Exercise brief: The full set of entries must be copied exactly.

Extracted information:
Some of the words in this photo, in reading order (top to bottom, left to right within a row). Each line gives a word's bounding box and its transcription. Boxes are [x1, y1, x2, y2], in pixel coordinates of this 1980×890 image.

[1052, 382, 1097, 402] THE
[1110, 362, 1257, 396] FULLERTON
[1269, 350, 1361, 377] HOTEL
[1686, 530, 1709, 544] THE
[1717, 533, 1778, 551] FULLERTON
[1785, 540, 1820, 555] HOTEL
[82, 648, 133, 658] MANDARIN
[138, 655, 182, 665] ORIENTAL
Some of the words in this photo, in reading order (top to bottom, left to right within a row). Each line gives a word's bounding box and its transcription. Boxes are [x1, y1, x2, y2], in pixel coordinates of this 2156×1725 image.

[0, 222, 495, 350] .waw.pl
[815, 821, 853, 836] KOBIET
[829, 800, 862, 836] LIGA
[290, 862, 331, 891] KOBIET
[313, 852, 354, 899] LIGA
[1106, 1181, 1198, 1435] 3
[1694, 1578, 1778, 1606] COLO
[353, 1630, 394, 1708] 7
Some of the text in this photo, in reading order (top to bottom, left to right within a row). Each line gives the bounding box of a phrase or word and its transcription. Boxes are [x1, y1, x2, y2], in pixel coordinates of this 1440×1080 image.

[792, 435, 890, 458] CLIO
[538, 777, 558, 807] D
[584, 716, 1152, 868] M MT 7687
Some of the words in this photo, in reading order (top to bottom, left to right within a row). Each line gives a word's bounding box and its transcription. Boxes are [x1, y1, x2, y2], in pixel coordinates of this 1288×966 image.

Exercise result:
Some of the words in this photo, in reading order (top to bottom, left to right within a row). Each line gives a word's bounding box and its transcription. Boxes are [x1, y1, x2, y2], in pixel coordinates of this 1980×890 image.

[1052, 382, 1097, 402] THE
[1110, 362, 1257, 396] FULLERTON
[1269, 350, 1361, 377] HOTEL
[1686, 530, 1709, 544] THE
[1717, 533, 1778, 551] FULLERTON
[1785, 540, 1820, 555] HOTEL
[82, 648, 133, 658] MANDARIN
[138, 655, 182, 665] ORIENTAL
Some of the words in this photo, in reading order (top to bottom, left to right within a row). Each line gives a word's bounding box and its transcription. Boxes are [x1, y1, x2, y2], in pixel coordinates of this 2156×1725 image.

[0, 222, 495, 350] .waw.pl
[815, 821, 853, 836] KOBIET
[829, 800, 862, 836] LIGA
[290, 862, 331, 891] KOBIET
[313, 852, 354, 899] LIGA
[1106, 1181, 1198, 1435] 3
[1694, 1578, 1778, 1606] COLO
[353, 1630, 394, 1708] 7
Some of the text in this photo, in reading order (top to bottom, left to right within a row). Each line gives the bounding box of a phrase or word and its transcription. Boxes are [x1, y1, x2, y2], in pixel coordinates of this 1440×1080 image.

[792, 435, 890, 458] CLIO
[538, 777, 558, 807] D
[584, 716, 1152, 868] M MT 7687
Some of the words in this photo, in reading order (top to bottom, left to right within a row). Each line gives a word's bounding box and its transcription. Boxes are [x1, y1, x2, y2], in pixel coordinates of this 1288×966 image.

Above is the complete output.